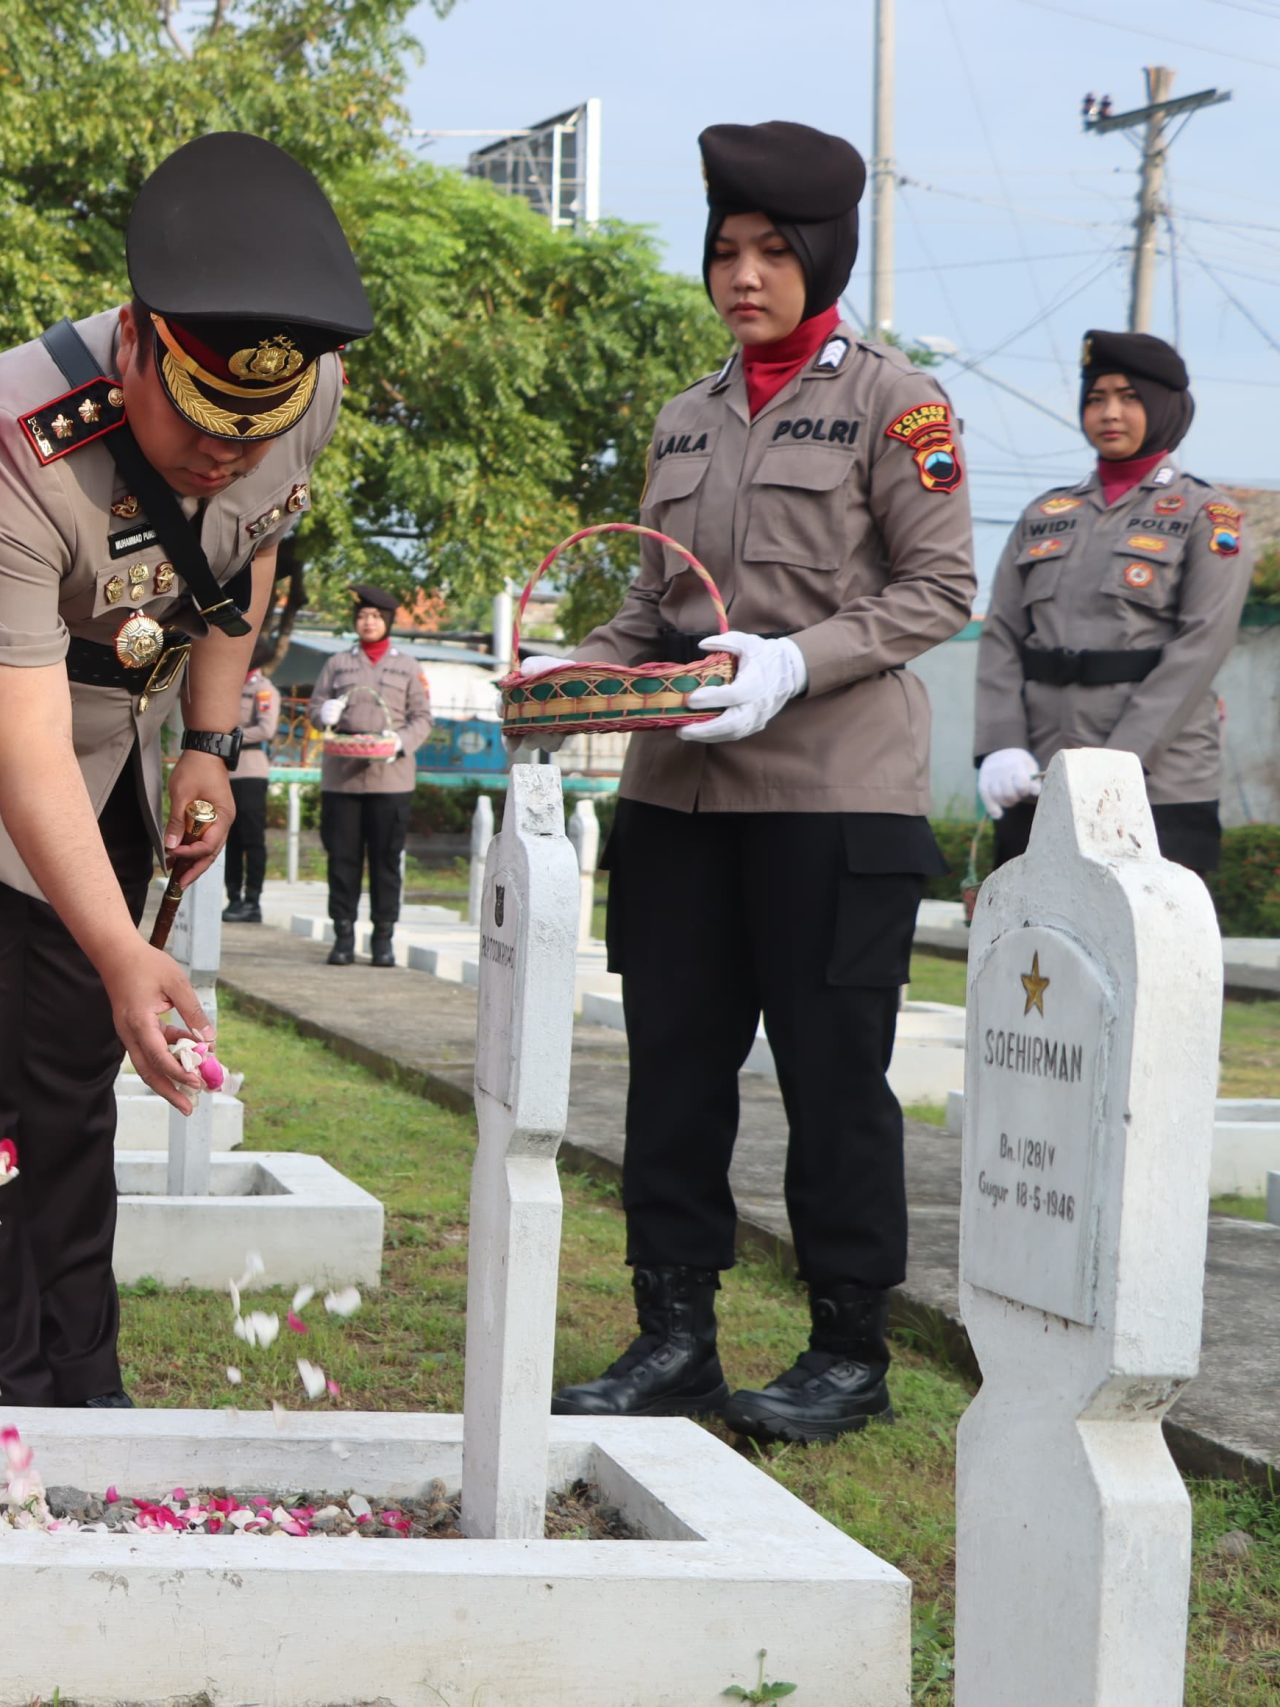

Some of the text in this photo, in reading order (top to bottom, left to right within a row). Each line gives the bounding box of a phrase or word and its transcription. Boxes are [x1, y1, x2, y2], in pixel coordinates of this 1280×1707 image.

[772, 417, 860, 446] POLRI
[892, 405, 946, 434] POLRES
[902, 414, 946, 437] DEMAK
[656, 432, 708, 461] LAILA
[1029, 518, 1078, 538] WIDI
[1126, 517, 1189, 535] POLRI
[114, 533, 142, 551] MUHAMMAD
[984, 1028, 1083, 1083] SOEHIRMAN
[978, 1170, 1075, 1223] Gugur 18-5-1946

-*-*-

▶ [Problem to work on]: Leave the pictures behind and repeat each entry exactly.

▶ [Your response]:
Some of the text in this photo, in reading order (top to bottom, left to right within a row). Each line gives the bounding box of a phrase or word and its transcription. Boxes are [x1, y1, x2, y2], in pixel coordinates of this 1280×1707 image.

[772, 417, 860, 446] POLRI
[892, 405, 946, 434] POLRES
[902, 414, 946, 437] DEMAK
[656, 432, 708, 461] LAILA
[1029, 518, 1078, 538] WIDI
[1126, 517, 1189, 535] POLRI
[114, 533, 142, 551] MUHAMMAD
[984, 1028, 1083, 1083] SOEHIRMAN
[978, 1170, 1075, 1223] Gugur 18-5-1946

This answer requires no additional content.